Rory Stewart calls for school closures as he condemns government's coronavirus response
2 min read

Rory Stewart has called on the Government to announce the immediate closure of the country's schools as he attacked Boris Johnson's "half-hearted" response to the coronavirus outbreak.

The former Cabinet minister said ministers had made "a serious mistake" by refusing to introduce stricter measures for tackling the deadly disease.

He said "medium and large gatherings" of people should be cancelled, and that visitors to the UK from coronavirus "hotspots" should be tested and quarantined.

Mr Stewart spoke out as it was confirmed that a fourth person in the UK had died from the flu-like illness, with 319 positive diagnoses.

A meeting of the Government's emergency Cobra committee on Monday decided to maintain the current response to the crisis, rather than follow the lead of other European countries in banning large gatherings of people and ordering school closures.

But Mr Stewart, the former International Development Secretary who challenged for the Tory leadership last summer and is now running to be London mayor, said: "The Government has made a serious mistake today. They should be acting much more aggressively to contain Coronavirus. 

"Schools should be shut now. If the Government are not prepared to shut them now, they should - at the very least - state clearly and transparently what their triggers will be for closing schools over the next few days. 

"All medium and large gatherings should be cancelled.  All passengers coming from hotspots should be tested and quarantined. There is no excuse for passengers not being tested off a plane from Milan last night. 

"There is no justification for half-hearted measures. The Government and the mayor keep saying they are simply following 'scientific advice'. But the scientists are clear that this is now a political decision - on whether the Government are prepared to spend very serious sums of money, and take a large economic hit, to maximise protection of the population. 

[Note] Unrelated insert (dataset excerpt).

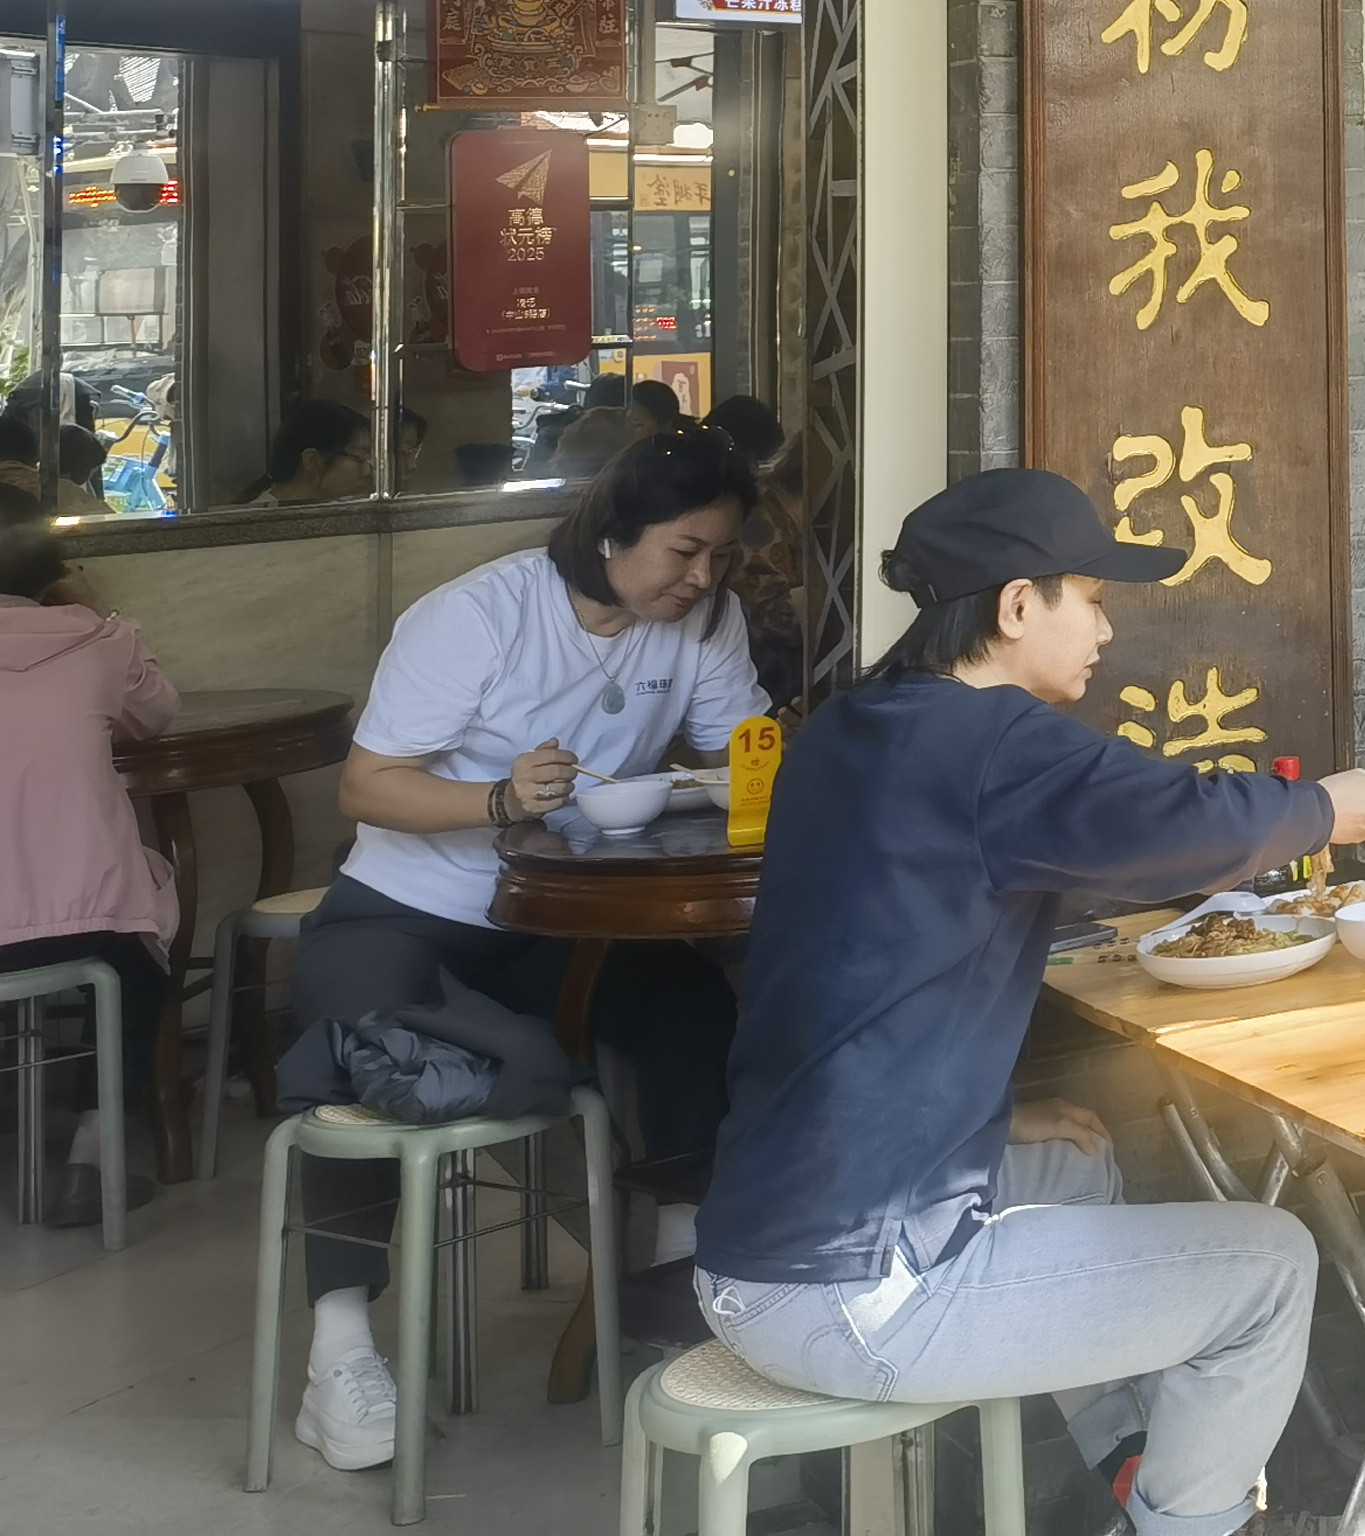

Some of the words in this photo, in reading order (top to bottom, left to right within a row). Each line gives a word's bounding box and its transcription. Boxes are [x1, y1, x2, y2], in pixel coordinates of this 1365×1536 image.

"China shows both the dangers of acting too slowly - at first - and then the benefits of acting decisively. We should have no regrets about spending money to do the absolute maximum to prevent the spread of this disease."

His comments are the latest sign that the fragile political truce over the crisis is at breaking point.

Earlier, Shadow Chancellor John McDonnell said the Government needed to "get a grip" of the situation.